ENTRIES PROVIDED Block Start
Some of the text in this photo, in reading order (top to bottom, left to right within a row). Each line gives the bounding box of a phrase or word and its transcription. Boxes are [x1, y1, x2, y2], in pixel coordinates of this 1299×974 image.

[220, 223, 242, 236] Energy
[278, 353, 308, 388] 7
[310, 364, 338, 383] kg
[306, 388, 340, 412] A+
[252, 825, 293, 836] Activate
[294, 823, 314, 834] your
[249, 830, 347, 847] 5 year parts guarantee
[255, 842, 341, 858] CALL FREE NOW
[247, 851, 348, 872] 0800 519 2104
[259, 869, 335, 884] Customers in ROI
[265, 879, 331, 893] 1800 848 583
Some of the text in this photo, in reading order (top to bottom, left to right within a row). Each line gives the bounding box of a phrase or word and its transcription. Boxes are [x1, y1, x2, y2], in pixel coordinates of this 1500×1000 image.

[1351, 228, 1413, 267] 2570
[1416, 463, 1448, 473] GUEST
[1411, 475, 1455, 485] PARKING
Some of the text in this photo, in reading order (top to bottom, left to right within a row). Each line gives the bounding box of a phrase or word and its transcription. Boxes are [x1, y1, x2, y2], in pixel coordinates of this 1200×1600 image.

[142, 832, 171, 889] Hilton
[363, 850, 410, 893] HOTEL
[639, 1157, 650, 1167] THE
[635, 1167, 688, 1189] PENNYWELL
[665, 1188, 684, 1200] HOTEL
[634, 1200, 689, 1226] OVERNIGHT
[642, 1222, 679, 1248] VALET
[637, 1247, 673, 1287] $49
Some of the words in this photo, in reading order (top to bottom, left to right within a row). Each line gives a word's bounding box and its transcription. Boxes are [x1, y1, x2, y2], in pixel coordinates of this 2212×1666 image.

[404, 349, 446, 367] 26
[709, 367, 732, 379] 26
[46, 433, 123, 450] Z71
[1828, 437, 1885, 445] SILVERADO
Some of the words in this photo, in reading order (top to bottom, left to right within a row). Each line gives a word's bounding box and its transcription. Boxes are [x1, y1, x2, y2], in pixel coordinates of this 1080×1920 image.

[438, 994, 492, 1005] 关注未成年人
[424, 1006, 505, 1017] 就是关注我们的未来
ENTRIES PROVIDED Block End
◆ WORK REQUEST
Reproduce the material verbatim, line by line.

◆ RESPONSE
Some of the text in this photo, in reading order (top to bottom, left to right within a row). Each line gives the bounding box of a phrase or word and its transcription. Boxes are [x1, y1, x2, y2], in pixel coordinates of this 1299×974 image.

[220, 223, 242, 236] Energy
[278, 353, 308, 388] 7
[310, 364, 338, 383] kg
[306, 388, 340, 412] A+
[252, 825, 293, 836] Activate
[294, 823, 314, 834] your
[249, 830, 347, 847] 5 year parts guarantee
[255, 842, 341, 858] CALL FREE NOW
[247, 851, 348, 872] 0800 519 2104
[259, 869, 335, 884] Customers in ROI
[265, 879, 331, 893] 1800 848 583
Some of the text in this photo, in reading order (top to bottom, left to right within a row). Each line gives the bounding box of a phrase or word and its transcription. Boxes are [x1, y1, x2, y2], in pixel coordinates of this 1500×1000 image.

[1351, 228, 1413, 267] 2570
[1416, 463, 1448, 473] GUEST
[1411, 475, 1455, 485] PARKING
Some of the text in this photo, in reading order (top to bottom, left to right within a row). Each line gives the bounding box of a phrase or word and its transcription. Boxes are [x1, y1, x2, y2], in pixel coordinates of this 1200×1600 image.

[142, 832, 171, 889] Hilton
[363, 850, 410, 893] HOTEL
[639, 1157, 650, 1167] THE
[635, 1167, 688, 1189] PENNYWELL
[665, 1188, 684, 1200] HOTEL
[634, 1200, 689, 1226] OVERNIGHT
[642, 1222, 679, 1248] VALET
[637, 1247, 673, 1287] $49
Some of the words in this photo, in reading order (top to bottom, left to right within a row). Each line gives a word's bounding box and its transcription. Boxes are [x1, y1, x2, y2], in pixel coordinates of this 2212×1666 image.

[404, 349, 446, 367] 26
[709, 367, 732, 379] 26
[46, 433, 123, 450] Z71
[1828, 437, 1885, 445] SILVERADO
Some of the words in this photo, in reading order (top to bottom, left to right within a row). Each line gives a word's bounding box and its transcription. Boxes are [x1, y1, x2, y2], in pixel coordinates of this 1080×1920 image.

[438, 994, 492, 1005] 关注未成年人
[424, 1006, 505, 1017] 就是关注我们的未来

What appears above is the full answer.